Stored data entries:
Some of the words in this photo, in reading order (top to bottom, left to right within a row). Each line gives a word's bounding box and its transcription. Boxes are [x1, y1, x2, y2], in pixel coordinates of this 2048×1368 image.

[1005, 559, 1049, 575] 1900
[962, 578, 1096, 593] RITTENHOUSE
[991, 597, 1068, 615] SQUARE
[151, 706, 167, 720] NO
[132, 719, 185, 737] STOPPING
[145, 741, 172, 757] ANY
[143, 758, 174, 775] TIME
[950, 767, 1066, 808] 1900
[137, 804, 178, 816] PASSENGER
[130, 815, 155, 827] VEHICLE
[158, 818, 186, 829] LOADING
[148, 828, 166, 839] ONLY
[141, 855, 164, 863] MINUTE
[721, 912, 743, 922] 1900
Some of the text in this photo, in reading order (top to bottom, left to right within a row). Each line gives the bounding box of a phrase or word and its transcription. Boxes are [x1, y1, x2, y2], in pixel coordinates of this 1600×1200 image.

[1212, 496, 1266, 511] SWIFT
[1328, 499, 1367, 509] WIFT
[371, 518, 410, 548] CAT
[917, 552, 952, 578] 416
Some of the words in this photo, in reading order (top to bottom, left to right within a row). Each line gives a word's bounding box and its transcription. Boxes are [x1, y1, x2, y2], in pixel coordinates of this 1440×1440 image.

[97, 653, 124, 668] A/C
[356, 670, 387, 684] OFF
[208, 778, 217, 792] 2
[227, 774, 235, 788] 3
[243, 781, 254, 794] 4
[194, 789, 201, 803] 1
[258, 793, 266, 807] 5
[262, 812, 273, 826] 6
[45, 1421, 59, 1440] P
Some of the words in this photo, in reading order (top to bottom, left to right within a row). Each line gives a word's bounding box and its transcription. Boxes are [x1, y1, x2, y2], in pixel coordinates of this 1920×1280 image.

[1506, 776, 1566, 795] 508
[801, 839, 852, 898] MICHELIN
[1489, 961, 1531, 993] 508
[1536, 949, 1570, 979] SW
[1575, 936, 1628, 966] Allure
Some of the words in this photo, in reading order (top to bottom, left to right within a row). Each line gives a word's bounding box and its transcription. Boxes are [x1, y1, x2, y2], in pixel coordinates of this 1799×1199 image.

# ASSIGNED TASK
Transcribe all entries exactly as they appear above.

# FINISHED EXERCISE
Some of the words in this photo, in reading order (top to bottom, left to right within a row). Each line gives a word's bounding box and its transcription. Boxes are [x1, y1, x2, y2], in pixel coordinates of this 2048×1368 image.

[1005, 559, 1049, 575] 1900
[962, 578, 1096, 593] RITTENHOUSE
[991, 597, 1068, 615] SQUARE
[151, 706, 167, 720] NO
[132, 719, 185, 737] STOPPING
[145, 741, 172, 757] ANY
[143, 758, 174, 775] TIME
[950, 767, 1066, 808] 1900
[137, 804, 178, 816] PASSENGER
[130, 815, 155, 827] VEHICLE
[158, 818, 186, 829] LOADING
[148, 828, 166, 839] ONLY
[141, 855, 164, 863] MINUTE
[721, 912, 743, 922] 1900
Some of the text in this photo, in reading order (top to bottom, left to right within a row). Each line gives the bounding box of a phrase or word and its transcription. Boxes are [x1, y1, x2, y2], in pixel coordinates of this 1600×1200 image.

[1212, 496, 1266, 511] SWIFT
[1328, 499, 1367, 509] WIFT
[371, 518, 410, 548] CAT
[917, 552, 952, 578] 416
Some of the words in this photo, in reading order (top to bottom, left to right within a row). Each line gives a word's bounding box and its transcription. Boxes are [x1, y1, x2, y2], in pixel coordinates of this 1440×1440 image.

[97, 653, 124, 668] A/C
[356, 670, 387, 684] OFF
[208, 778, 217, 792] 2
[227, 774, 235, 788] 3
[243, 781, 254, 794] 4
[194, 789, 201, 803] 1
[258, 793, 266, 807] 5
[262, 812, 273, 826] 6
[45, 1421, 59, 1440] P
Some of the words in this photo, in reading order (top to bottom, left to right within a row). Each line gives a word's bounding box and its transcription. Boxes are [x1, y1, x2, y2], in pixel coordinates of this 1920×1280 image.

[1506, 776, 1566, 795] 508
[801, 839, 852, 898] MICHELIN
[1489, 961, 1531, 993] 508
[1536, 949, 1570, 979] SW
[1575, 936, 1628, 966] Allure
Some of the words in this photo, in reading order (top to bottom, left to right within a row). Each line gives a word's bounding box and its transcription. Boxes are [x1, y1, x2, y2], in pixel coordinates of this 1799×1199 image.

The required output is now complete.